◆ Work item
Each record must be written out again exactly. Skip any picture it contains.

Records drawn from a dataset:
>>

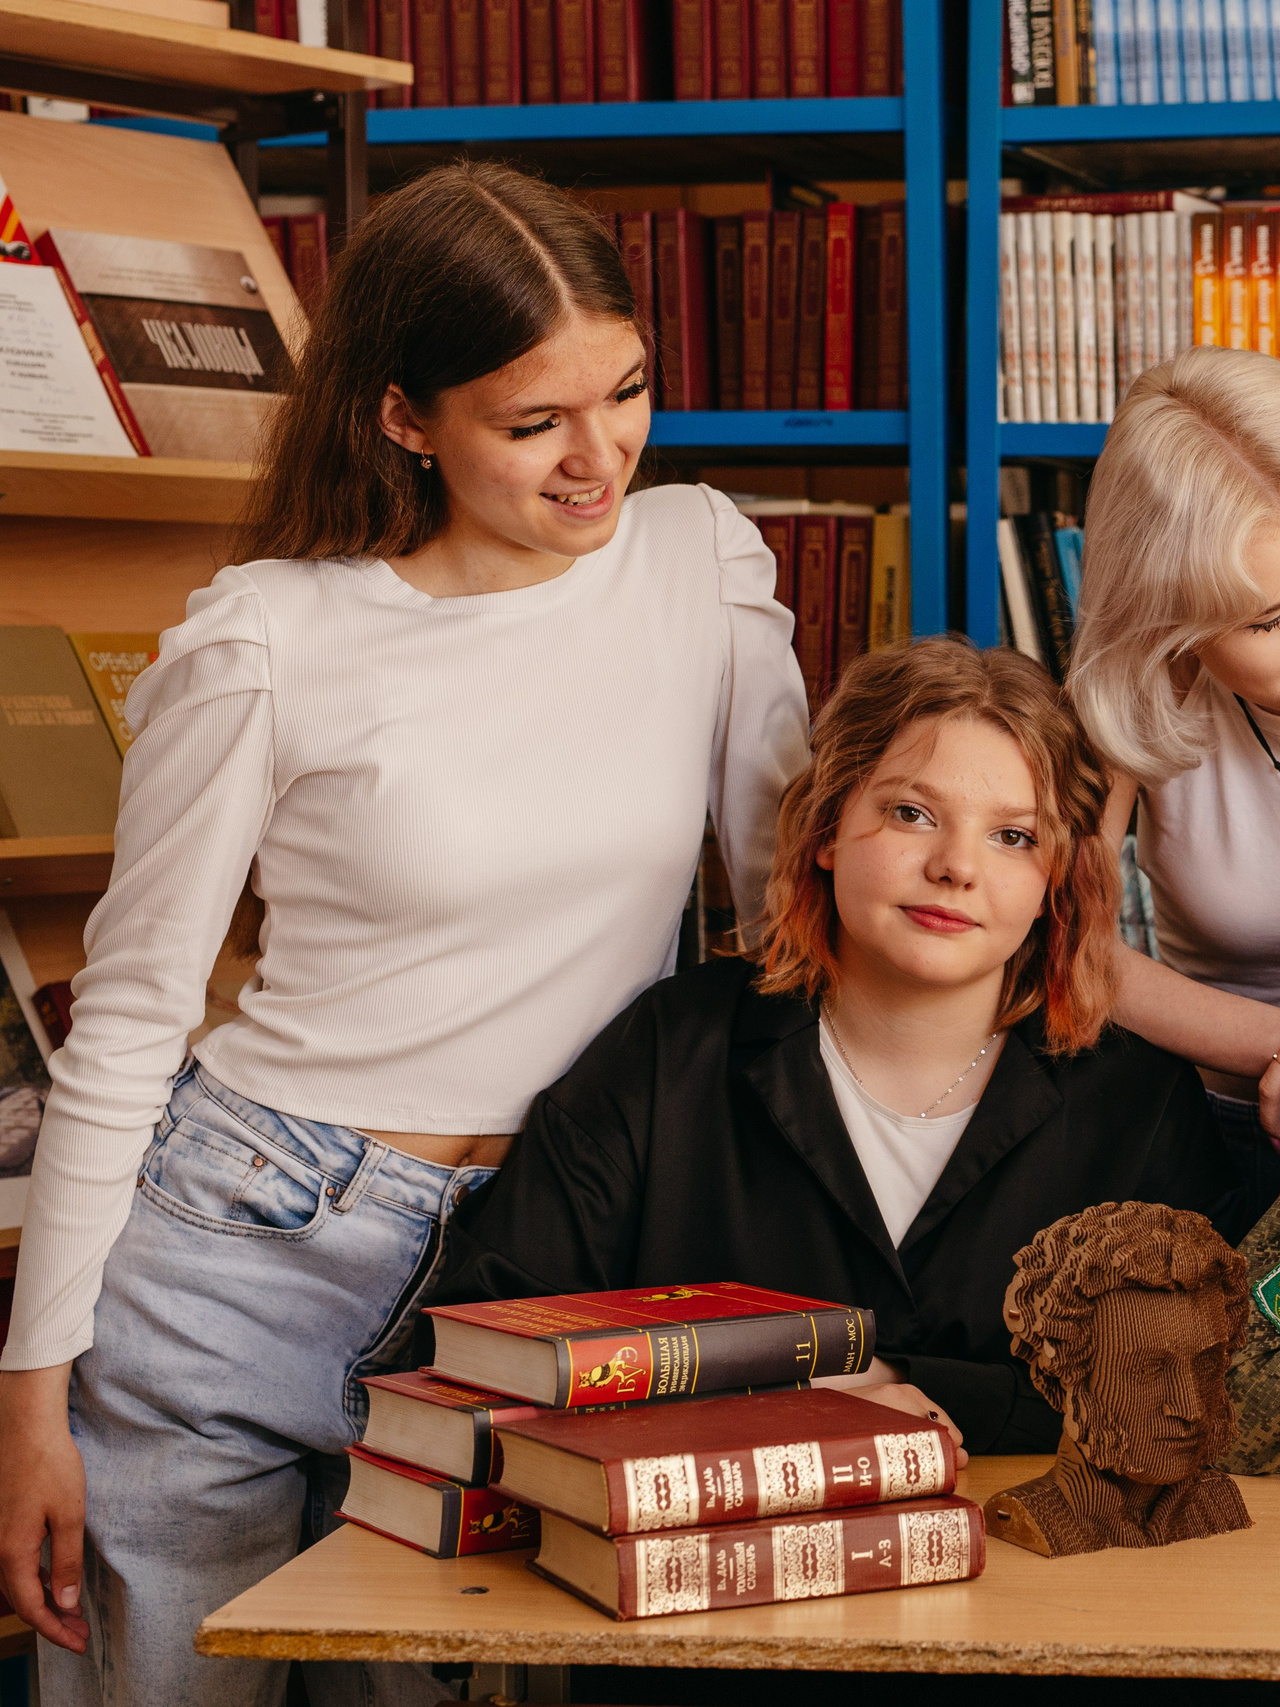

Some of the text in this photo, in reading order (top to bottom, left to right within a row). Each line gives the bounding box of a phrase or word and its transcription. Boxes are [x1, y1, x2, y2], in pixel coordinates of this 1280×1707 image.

[845, 1318, 857, 1341] МОС
[656, 1336, 669, 1395] БОЛЬШАЯ
[669, 1336, 678, 1394] УНИВЕРСАЛЬНАЯ
[678, 1335, 687, 1392] ЭНЦИКЛОПЕДИЯ
[795, 1341, 811, 1362] 11
[843, 1351, 856, 1373] МАН
[703, 1466, 717, 1494] ДАЛЬ
[719, 1458, 734, 1511] ТОЛКОВЫЙ
[732, 1461, 744, 1508] СЛОВАРЬ
[832, 1464, 855, 1485] II
[857, 1456, 873, 1487] И-О
[716, 1549, 727, 1577] ДАЛЬ
[734, 1542, 747, 1595] ТОЛКОВЫЙ
[745, 1544, 757, 1590] СЛОВАРЬ
[851, 1549, 874, 1561] I
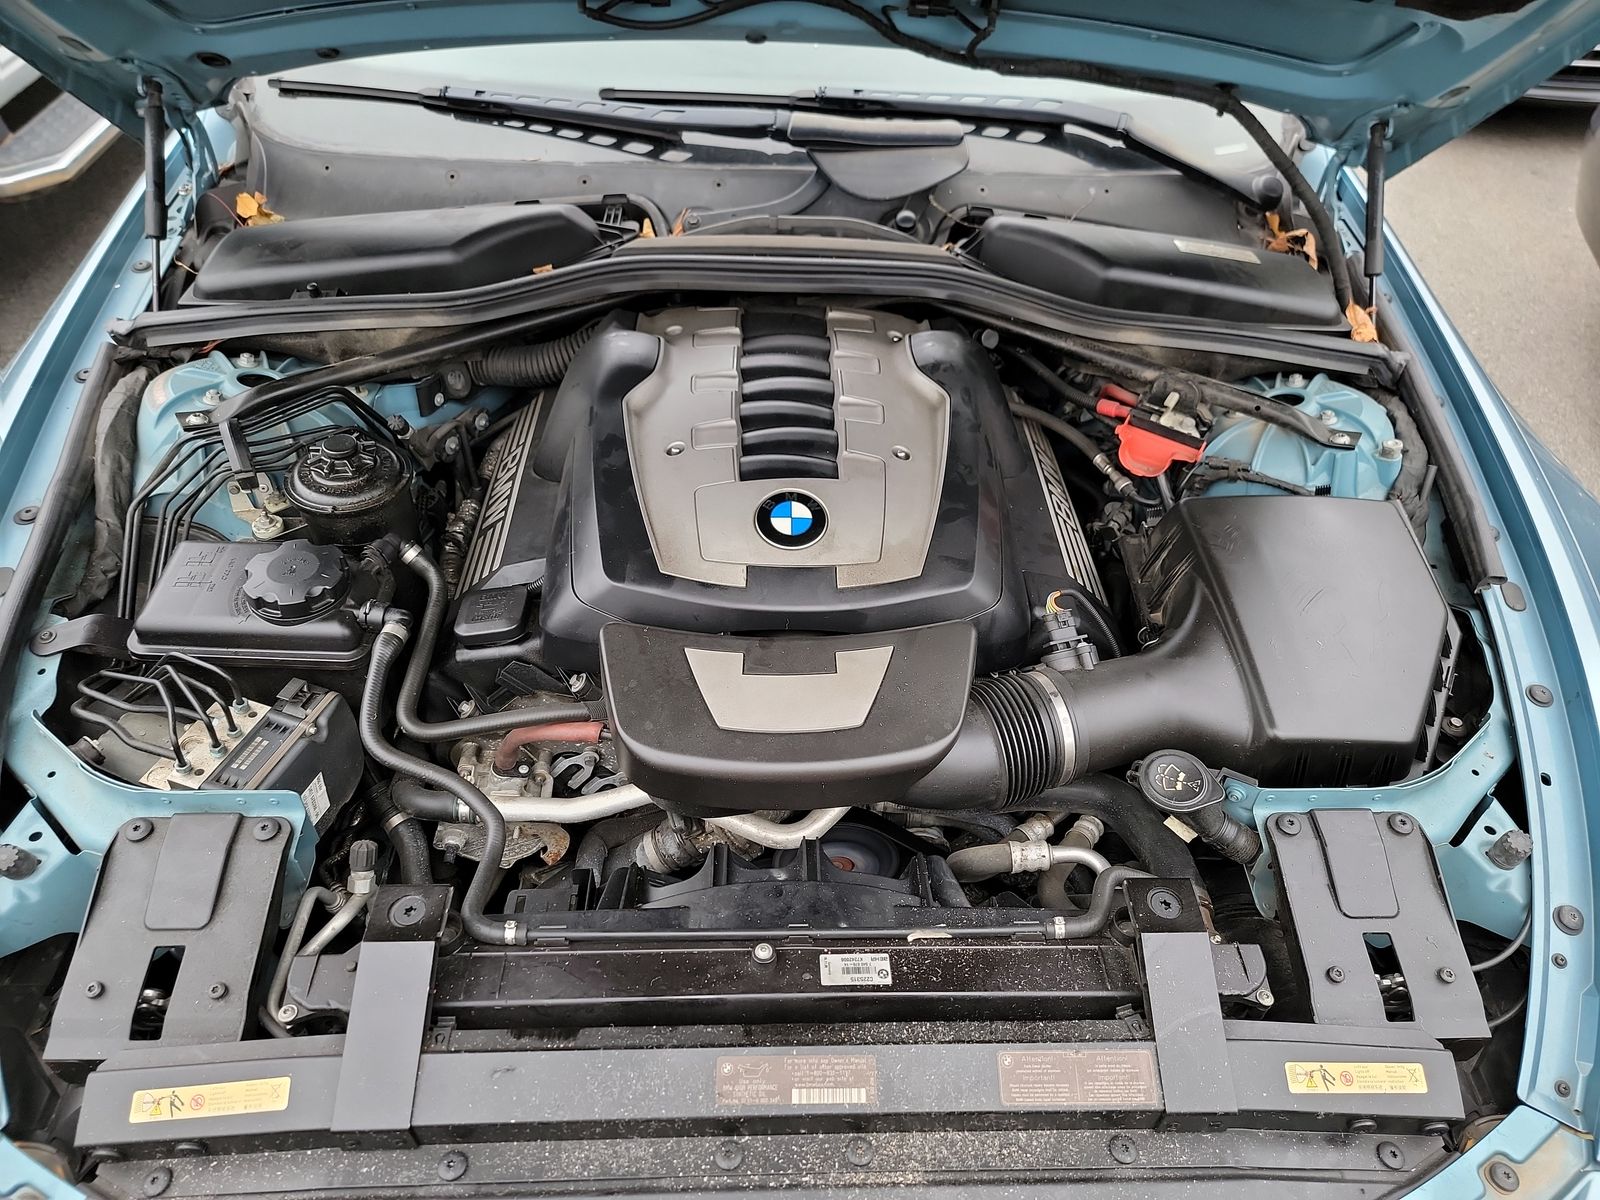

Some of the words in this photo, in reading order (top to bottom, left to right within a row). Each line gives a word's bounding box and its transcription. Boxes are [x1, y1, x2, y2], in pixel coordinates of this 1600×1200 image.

[482, 443, 524, 530] BMW
[763, 492, 821, 511] BMW
[1034, 442, 1077, 531] BMW

<<

◆ Output
Some of the text in this photo, in reading order (top to bottom, left to right within a row). Each line gives the bounding box of a phrase or word and its transcription. Boxes are [x1, y1, x2, y2], in pixel coordinates of this 1280×1707 image.

[845, 1318, 857, 1341] МОС
[656, 1336, 669, 1395] БОЛЬШАЯ
[669, 1336, 678, 1394] УНИВЕРСАЛЬНАЯ
[678, 1335, 687, 1392] ЭНЦИКЛОПЕДИЯ
[795, 1341, 811, 1362] 11
[843, 1351, 856, 1373] МАН
[703, 1466, 717, 1494] ДАЛЬ
[719, 1458, 734, 1511] ТОЛКОВЫЙ
[732, 1461, 744, 1508] СЛОВАРЬ
[832, 1464, 855, 1485] II
[857, 1456, 873, 1487] И-О
[716, 1549, 727, 1577] ДАЛЬ
[734, 1542, 747, 1595] ТОЛКОВЫЙ
[745, 1544, 757, 1590] СЛОВАРЬ
[851, 1549, 874, 1561] I

Some of the words in this photo, in reading order (top to bottom, left to right within a row). Each line gives a word's bounding box and its transcription. Boxes are [x1, y1, x2, y2], in pixel coordinates of this 1600×1200 image.

[482, 443, 524, 530] BMW
[763, 492, 821, 511] BMW
[1034, 442, 1077, 531] BMW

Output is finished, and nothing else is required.